What this task involves: Please give back each entry below unaltered, leaving the pictures out.
=== Begin Enclosure ===
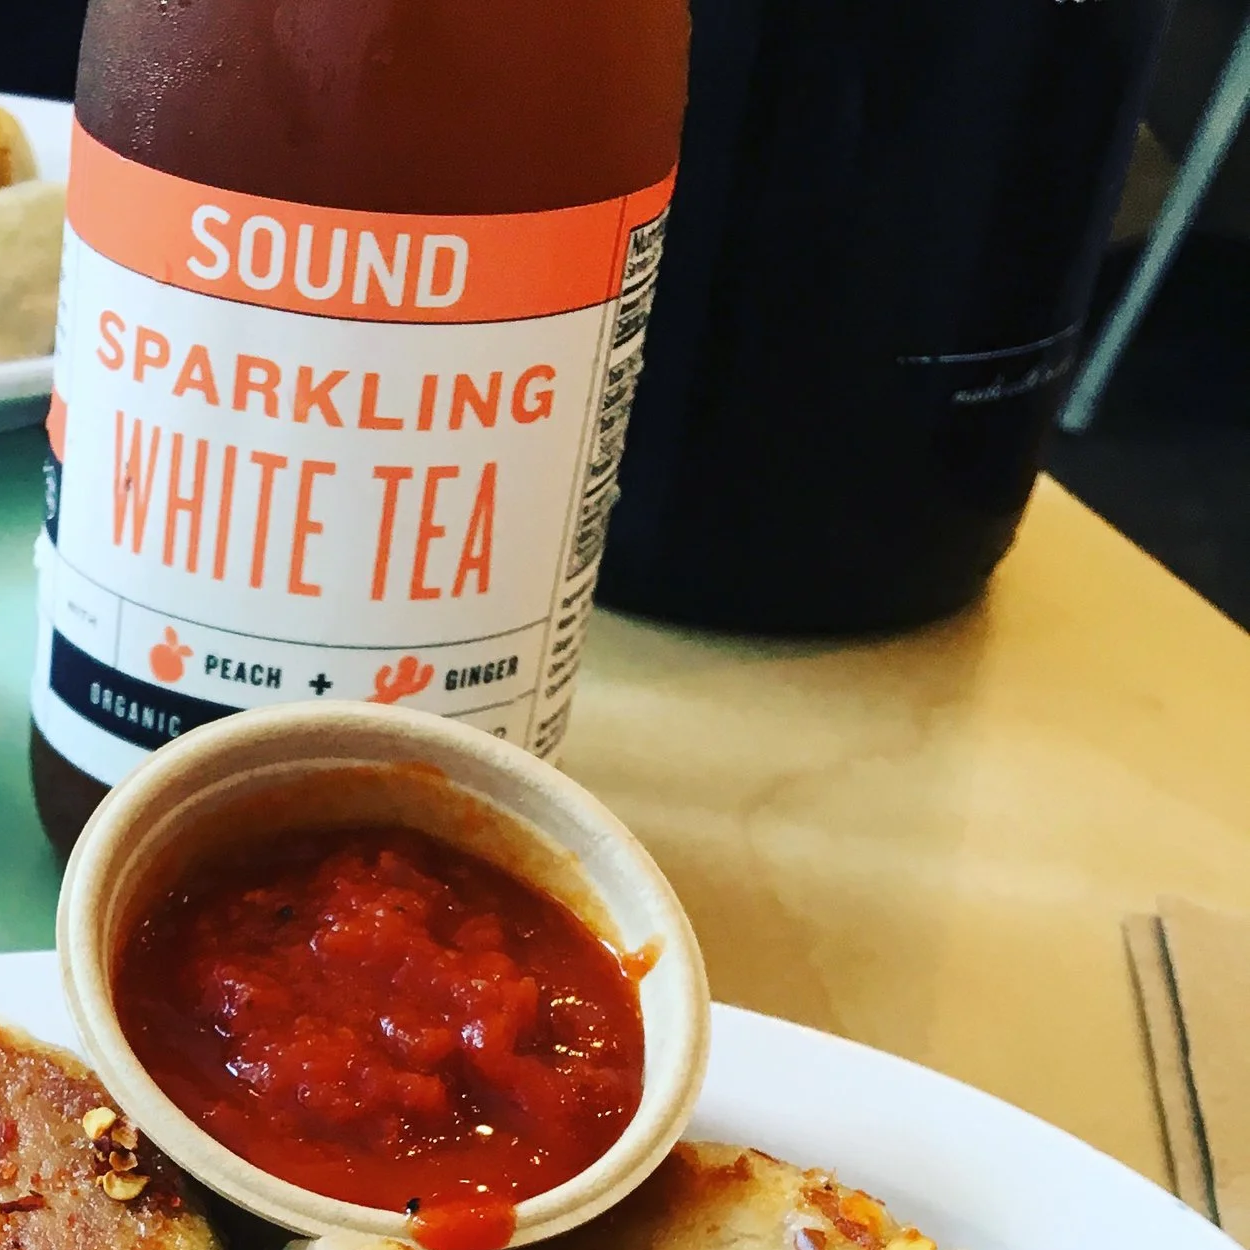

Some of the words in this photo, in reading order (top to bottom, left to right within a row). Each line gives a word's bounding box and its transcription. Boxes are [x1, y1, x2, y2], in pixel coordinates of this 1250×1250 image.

[186, 204, 469, 309] SOUND
[96, 310, 557, 431] SPARKLING
[112, 410, 337, 598] WHITE
[370, 462, 498, 602] TEA
[89, 681, 182, 738] ORGANIC
[204, 653, 282, 690] PEACH
[444, 655, 519, 691] GINGER
=== End Enclosure ===
Solution to this task:
Some of the words in this photo, in reading order (top to bottom, left to right within a row). Each line gives a word's bounding box and its transcription. Boxes are [x1, y1, x2, y2], in pixel coordinates of this 1250×1250 image.

[186, 204, 469, 309] SOUND
[96, 310, 557, 431] SPARKLING
[112, 410, 337, 598] WHITE
[370, 462, 498, 602] TEA
[89, 681, 182, 738] ORGANIC
[204, 653, 282, 690] PEACH
[444, 655, 519, 691] GINGER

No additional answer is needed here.